Use flowcharts ONLY for:

  • Non-obvious decision points
  • Process loops where you might stop too early
  • "When to use A vs B" decisions

Never use flowcharts for:

  • Reference material → Use tables, lists
  • Code examples → Use markdown blocks
  • Linear instructions → Use numbered lists

See references/graphviz-conventions.dot for graphviz style rules.

Content Guidelines

Avoid Time-Sensitive Information

Don't include information that will become outdated.

Bad (time-sensitive):

If you're doing this before August 2025, use the old API.
After August 2025, use the new API.

Good (old patterns section):

## Current method

Use the v2 API endpoint: `api.example.com/v2/messages`

## Old patterns

<details>
<summary>Legacy v1 API (deprecated 2025-08)</summary>

The v1 API used: `api.example.com/v1/messages`

This endpoint is no longer supported.
</details>

Use Consistent Terminology

Choose one term and use it throughout:

Good - Consistent:

  • Always "API endpoint"
  • Always "field"
  • Always "extract"

Bad - Inconsistent:

  • Mix "API endpoint", "URL", "API route", "path"
  • Mix "field", "box", "element", "control"

File Organization

Self-Contained Skill

defense-in-depth/
  SKILL.md    # Everything inline

When: All content fits, no heavy reference needed

Skill with Reusable Tool

condition-based-waiting/
  SKILL.md    # Overview + patterns
  example.ts  # Working helpers to adapt

When: Tool is reusable code, not just narrative

Skill with Heavy Reference

pptx/
  SKILL.md       # Overview + workflows
  references/
    pptxgenjs.md   # 600 lines API reference
    ooxml.md       # 500 lines XML structure
  scripts/       # Executable tools

When: Reference material too large for inline

Anti-Patterns

Narrative Example

"In session 2025-10-03, we found empty projectDir caused..."

Why bad: Too specific, not reusable

Multi-Language Dilution

example-js.js, example-py.py, example-go.go

Why bad: Mediocre quality, maintenance burden

Code in Flowcharts

step1 [label="import fs"];
step2 [label="read file"];

Why bad: Can't copy-paste, hard to read

Generic Labels

helper1, helper2, step3, pattern4

Why bad: Labels should have semantic meaning

Evaluation and Iteration

Build Evaluations First

Create evaluations BEFORE writing extensive documentation.

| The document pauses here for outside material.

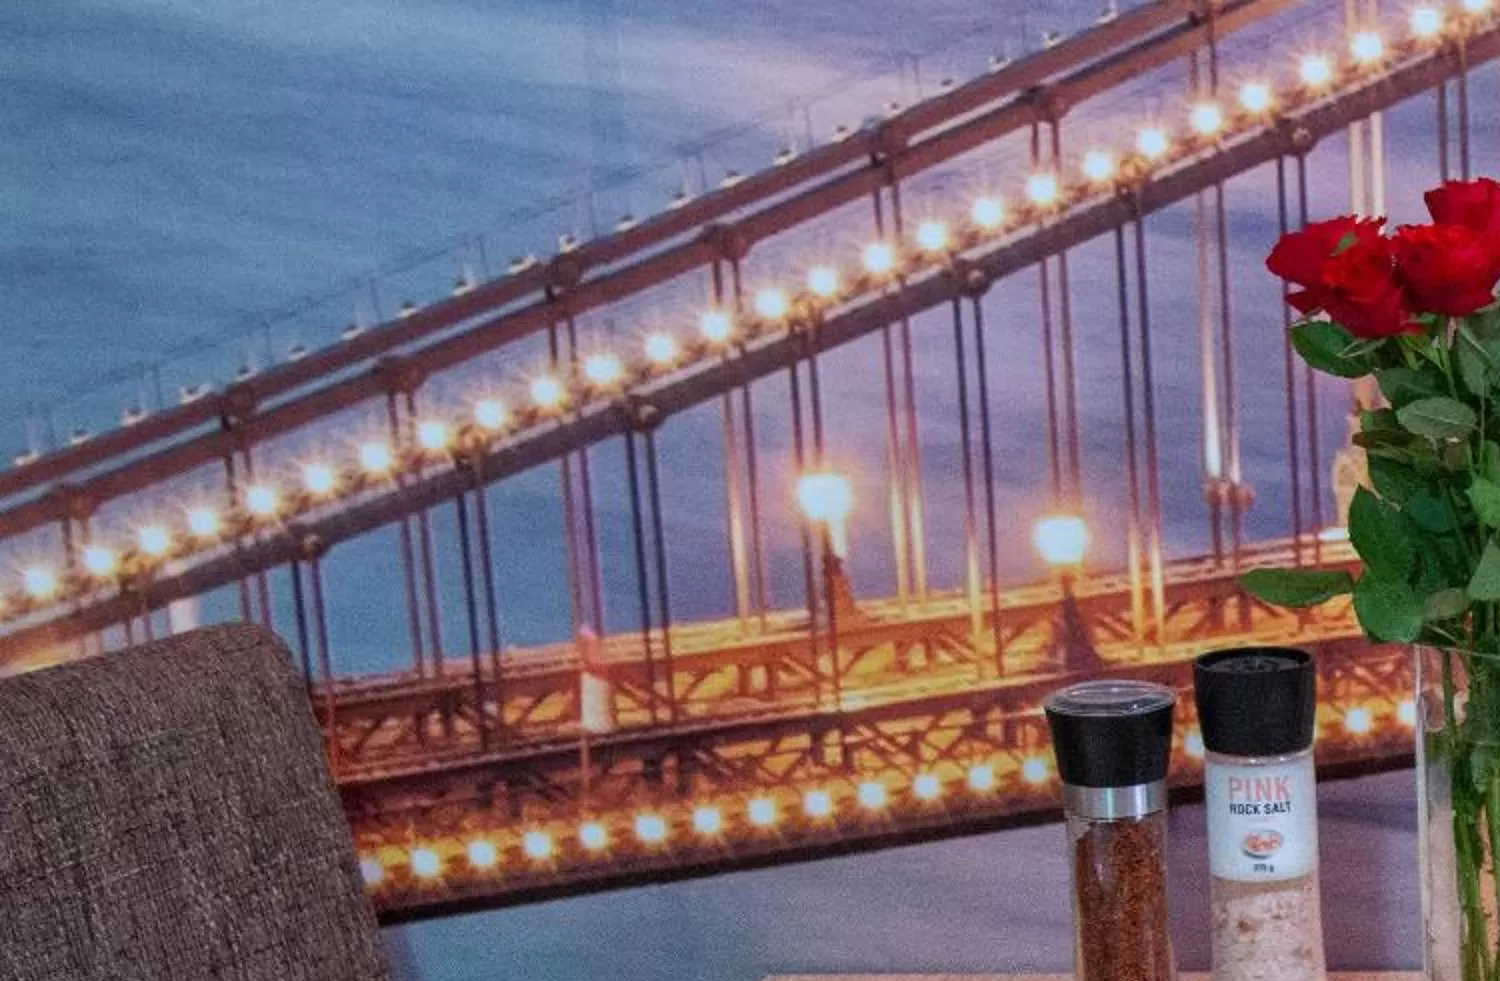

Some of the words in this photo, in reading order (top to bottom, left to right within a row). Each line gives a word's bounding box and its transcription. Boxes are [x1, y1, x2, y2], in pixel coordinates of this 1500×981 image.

Evaluation-driven development:

  1. Identify gaps: Run tasks without skill, document failures
  2. Create evaluations: Build 3+ scenarios testing these gaps
  3. Establish baseline: Measure performance without skill
  4. Write minimal instructions: Create just enough to pass evaluations
  5. Iterate: Execute evaluations, compare baseline, refine

Develop Skills Iteratively

Creating new skill:

  1. Complete task without skill: Work through problem, notice what context you repeatedly provide
  2. Identify reusable pattern: What context would be useful for similar tasks?
  3. Ask AI to create skill: "Create a skill that captures this pattern we just used"
  4. Review for conciseness: Challenge unnecessary explanations
  5. Improve information architecture: Organize content effectively
  6. Test on similar tasks: Use skill with fresh AI instance
  7. Iterate based on observation: Refine based on what worked/didn't

Iterating on existing skill:

  1. Use skill in real workflows: Give AI actual tasks
  2. Observe behavior: Note struggles, successes, unexpected choices
  3. Request improvements: Share observations with AI helper
  4. Review suggestions: Consider reorganization, stronger language, restructuring
  5. Apply and test: Update skill, test again
  6. Repeat based on usage: Continue observe → refine cycle

Creating a New Skill

Step 1: Choose Location

  • Project-specific: .opencode/skills/skill-name/
  • Global: ~/.opencode/skills/skill-name/

Step 2: Create Directory Structure

mkdir -p .opencode/skills/skill-name
mkdir -p .opencode/skills/skill-name/references  # if needed
mkdir -p .opencode/skills/skill-name/scripts     # if needed

Step 3: Create SKILL.md with Frontmatter

Follow requirements in Frontmatter Requirements section above.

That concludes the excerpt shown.